Protection de la nature et mélange des genres en Touraine…

[Billet] Un mois et demi après la publication par Magcentre de mon billet mettant en évidence l’évolution de l’état d’esprit des magistrats en Touraine, désormais bien disposés à appliquer la législation et les procédures en matière de protection de l’environnement, France 3 puis la Nouvelle République viennent confirmer et affiner nos informations.

Par Joséphine

Protecteur-pollueur

Souvenez-vous, le Parquet de Tours faisait état début novembre sur X ex-Twitter d’une grave pollution des berges d’un affluent de l’Indre. Rapidement saisi par la Procureure de la République, un juge avait ordonné la suspension du chantier suspecté d’être à l’origine des faits et obligeait les responsables à remettre en l’état les espaces concernés (Justice environnementale : le lent réveil du Parquet de Tours).
Dans des articles parus la semaine dernière, les journalistes Mariella Esvant et Benoît Bruère corroborent donc ce que mes sources avaient évoqué en novembre : il s’agit bien de pollutions importantes constituées de « plastiques, de cassettes audio, de géotextiles, de plâtres, de bétons, de bitumes, de carrelages et de parpaings »… sans même parler de la présence d’amiante qui aurait été, depuis peu, identifiée. Autre confirmation savoureuse : le chantier incriminé est bel et bien mis en œuvre par une structure spécialisée dans la restauration et la protection des espaces naturels fluviaux. France 3 et la NR ont même réussi à mettre un nom sur la structure en question. Il s’agit du SAVI, le Syndicat d’Aménagement de la Vallée de l’Indre, un établissement public de coopération intercommunale. Les journalistes ont également pu localiser le lieu de la pollution, il s’agit des berges du Montison, un petit affluent de l’Indre qui traverse la commune de Saché.

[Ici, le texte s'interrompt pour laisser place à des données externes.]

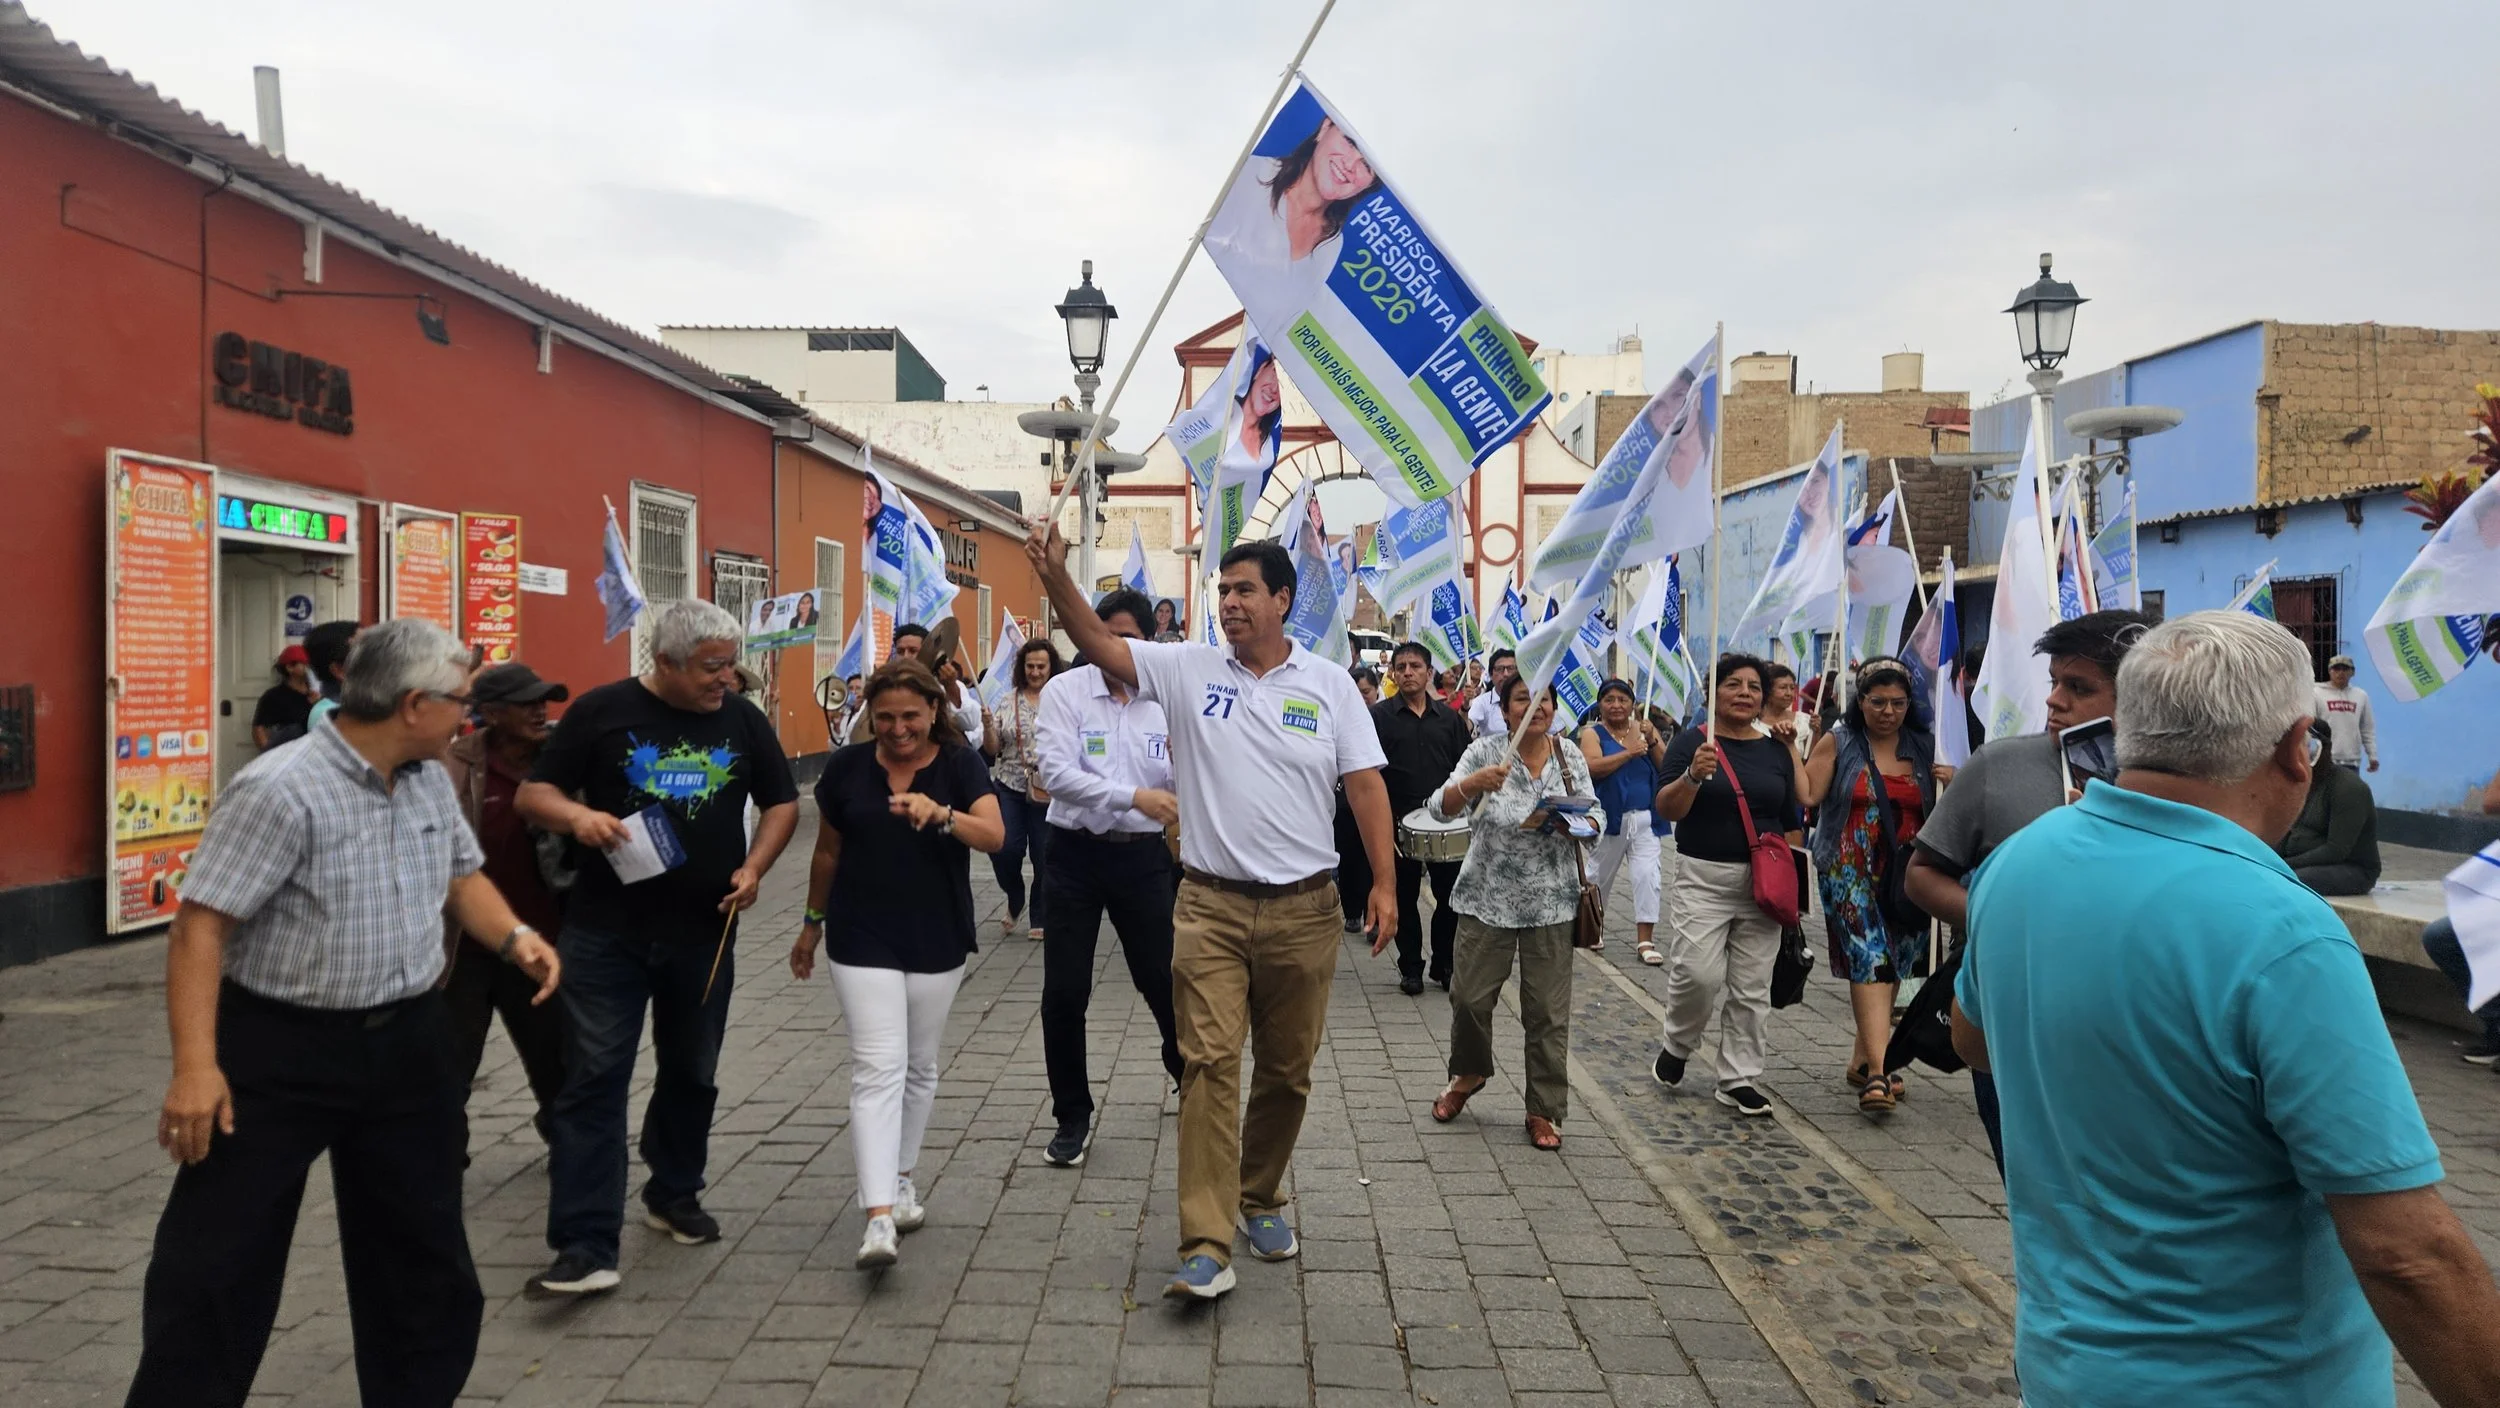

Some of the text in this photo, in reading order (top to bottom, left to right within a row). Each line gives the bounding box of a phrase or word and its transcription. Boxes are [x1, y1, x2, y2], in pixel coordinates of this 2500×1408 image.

[1367, 195, 1442, 284] MARISOL
[1341, 248, 1417, 325] 2026
[1349, 209, 1457, 333] PRESIDENTA
[213, 332, 352, 416] CHIFA
[1468, 324, 1532, 402] PRIMERO
[1294, 325, 1438, 493] ¡POR UN PAÍS MEJOR, PARA LA GENTE!
[1429, 348, 1510, 440] LA GENTE
[134, 482, 189, 516] CHIFA
[1433, 588, 1457, 620] SIDENTA
[1560, 681, 1572, 696] LA
[1566, 690, 1586, 715] GENTE
[1571, 673, 1594, 701] PRIMERO
[1203, 693, 1234, 719] 21
[1287, 705, 1315, 717] PRIMERO
[1283, 715, 1317, 731] LA GENTE
[161, 738, 180, 750] VISA
[1155, 742, 1160, 757] 1
[660, 773, 704, 786] LA GENTE
[116, 852, 143, 870] MENÚ

Interrogés par la presse, les responsables du SAVI plaident la bonne foi : les matériaux polluants auraient été livrés par erreur et auraient été immédiatement enlevés. D’ailleurs, l’établissement public a fait appel de la décision du juge de Tours devant la cour d’Appel d’Orléans, estimant qu’il n’y a plus de polluants sur place et que les travaux de restauration doivent reprendre au plus vite. La décision définitive sera rendue mi-janvier.

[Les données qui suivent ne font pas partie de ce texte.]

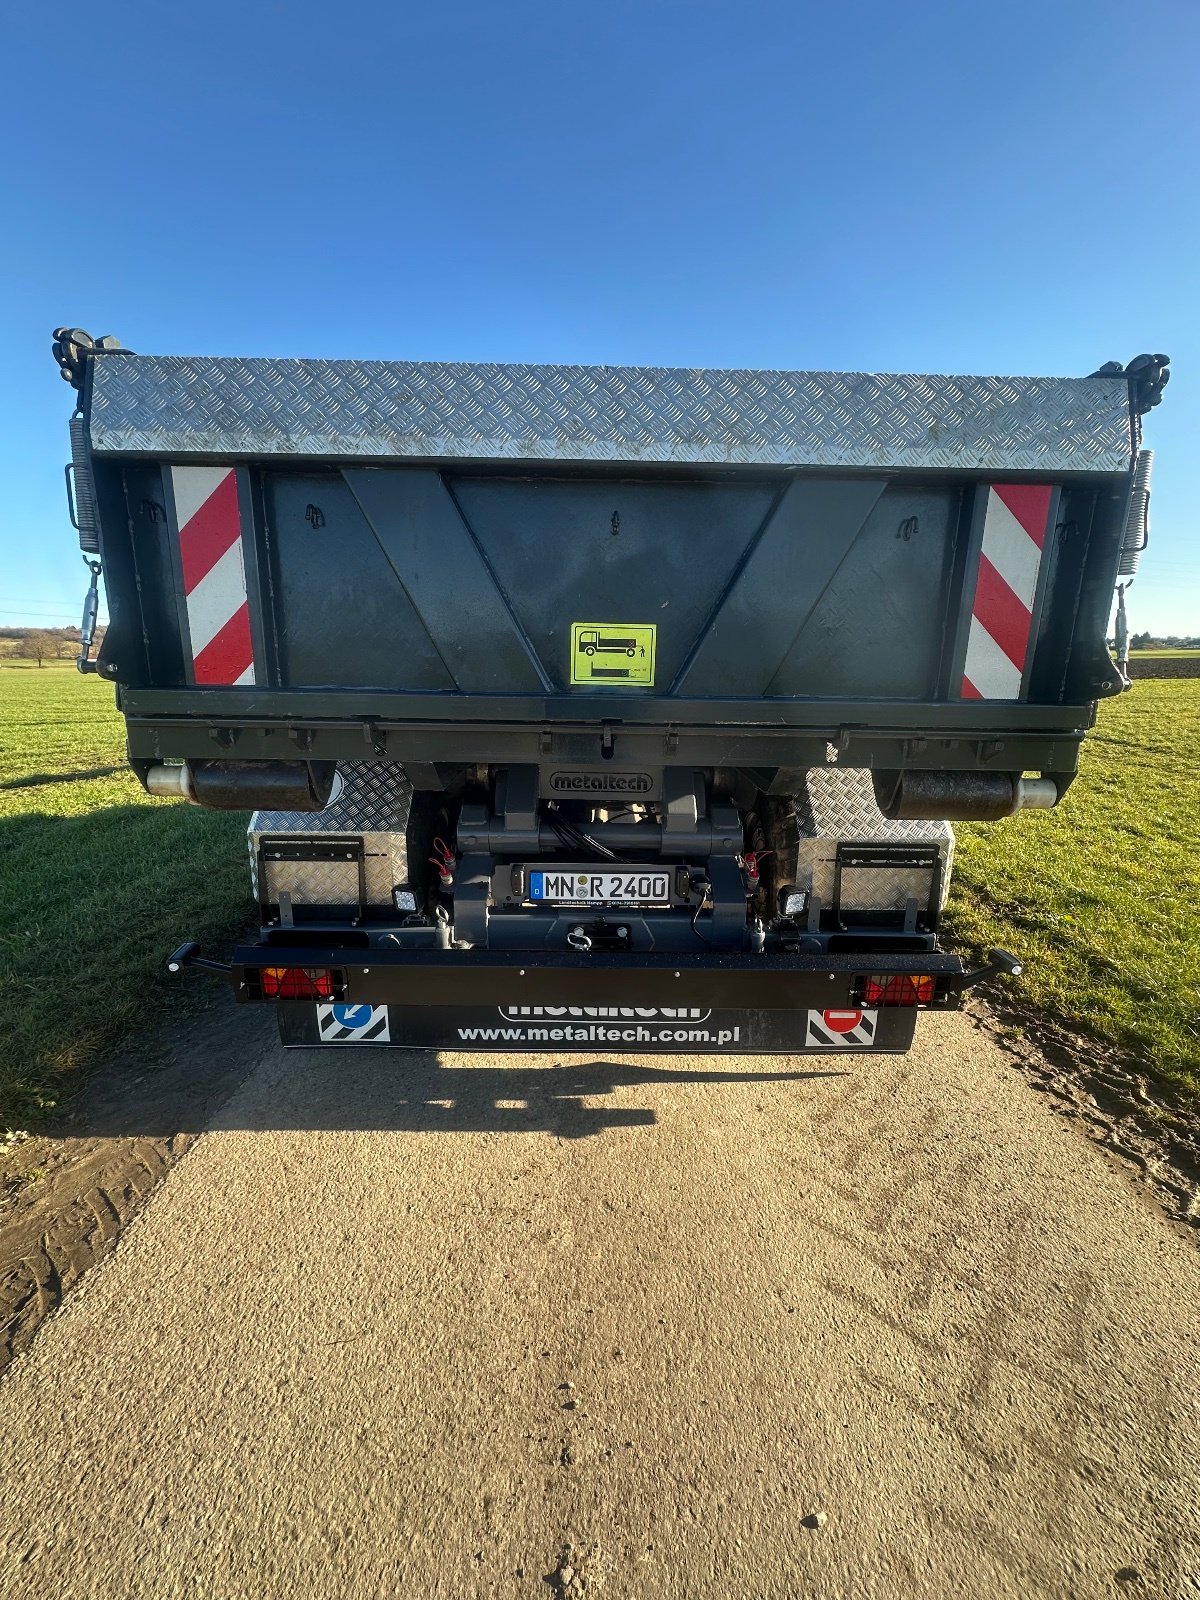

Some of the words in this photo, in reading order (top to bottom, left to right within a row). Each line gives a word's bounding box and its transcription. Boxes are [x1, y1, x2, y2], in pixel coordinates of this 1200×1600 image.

[554, 774, 648, 790] metaltech
[545, 876, 574, 897] MN
[590, 876, 604, 898] R
[609, 876, 666, 898] 2400
[457, 1025, 740, 1045] www.metaltech.com.pl

Mélange des genres à la tourangelle

Petit contre-temps à cause de la faute à pas de chance, direz vous. Peut-être. Sauf que certains détails interrogent, en un mélange des genres si typiquement tourangeau. Ce mélange s’incarne notamment en la personne du Maire de Saché, qui est le commanditaire des travaux de restauration tout en étant aussi président du SAVI, structure qui mène le chantier. En plus de ce cumul tout à fait légal et classique dans des petites intercommunalités, il se trouve que monsieur le Maire a connu une récente évolution de carrière. Ingénieur de formation, il est devenu depuis quelques jours responsable de…l’unité fluviale de la Direction Départementale des Territoires (DDT), ce même service d’État dont les agents assermentés ont constaté les pollutions du chantier du SAVI sur l’affluent de l’Indre à Saché. Le monde est petit, non ? En tout cas assez petit pour semer un certain trouble auprès des acteurs de la protection de l’environnement qui évoquent un possible conflit d’intérêts avec toutes ces casquettes sur une même tête.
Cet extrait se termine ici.